Well, I do recognize some of those. Anyway, they seem to be aiming for ways of allowing people to spend more time in such peak states. Which would be splendid, of course.
[ | 2004-04-22 10:41 | 7 comments | PermaLink ]  More >


Monday, April 19, 2004day link 

 Flow of creativity
picture Via Local Thoughts, a little creative exercise:
1. Grab the nearest book
2. Open the book on page 23.
3. Find the fifth sentence.
4. Post the text of the sentence in your journal along with these instructions.
The nearest book I grabbed blindly from the shelf was the Webster's College Dictionary. Now, I'm not sure if in this case I should pick literally the 5th sentence or the 5th word defined. But, magically, they're talking about the same thing. 5th sentence is part of the definition of "affluence":
a flowing to or toward some point; afflux.

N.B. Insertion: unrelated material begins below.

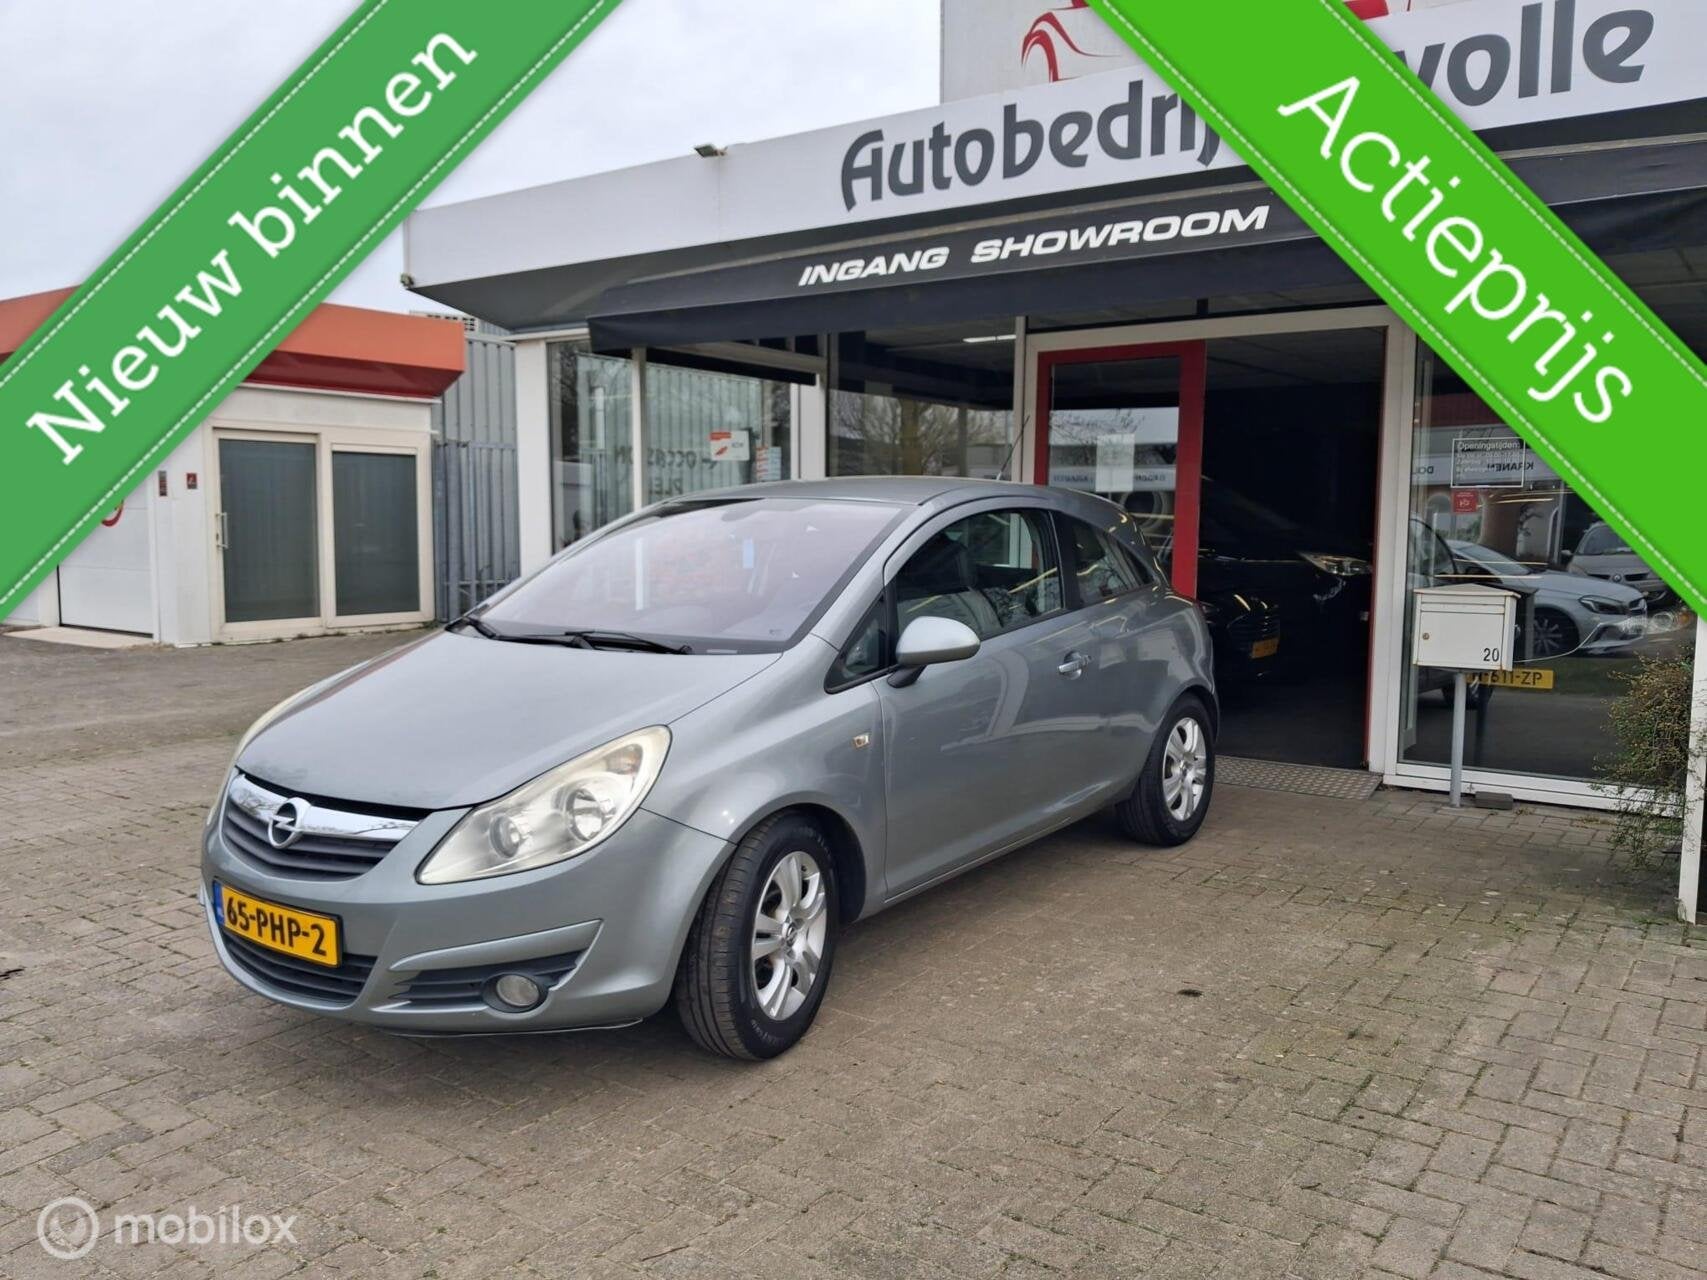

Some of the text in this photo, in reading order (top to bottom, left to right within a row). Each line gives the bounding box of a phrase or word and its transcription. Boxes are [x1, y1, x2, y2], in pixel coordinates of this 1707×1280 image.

And the 5th word defined is "afflux", which means:
1. something that flows to or toward a point, e.g. "an afflux of blood to the head". 2. the act of flowing to or toward some point.
So, afflux or affluence is when something flows towards a point. If you want an affluence of something, you need to make it flow towards a point. That's sort of simple and basic, but a very useful thing to pay attention to. If I want an affluence of money, money needs to be flowing towards a point, such as my bank account.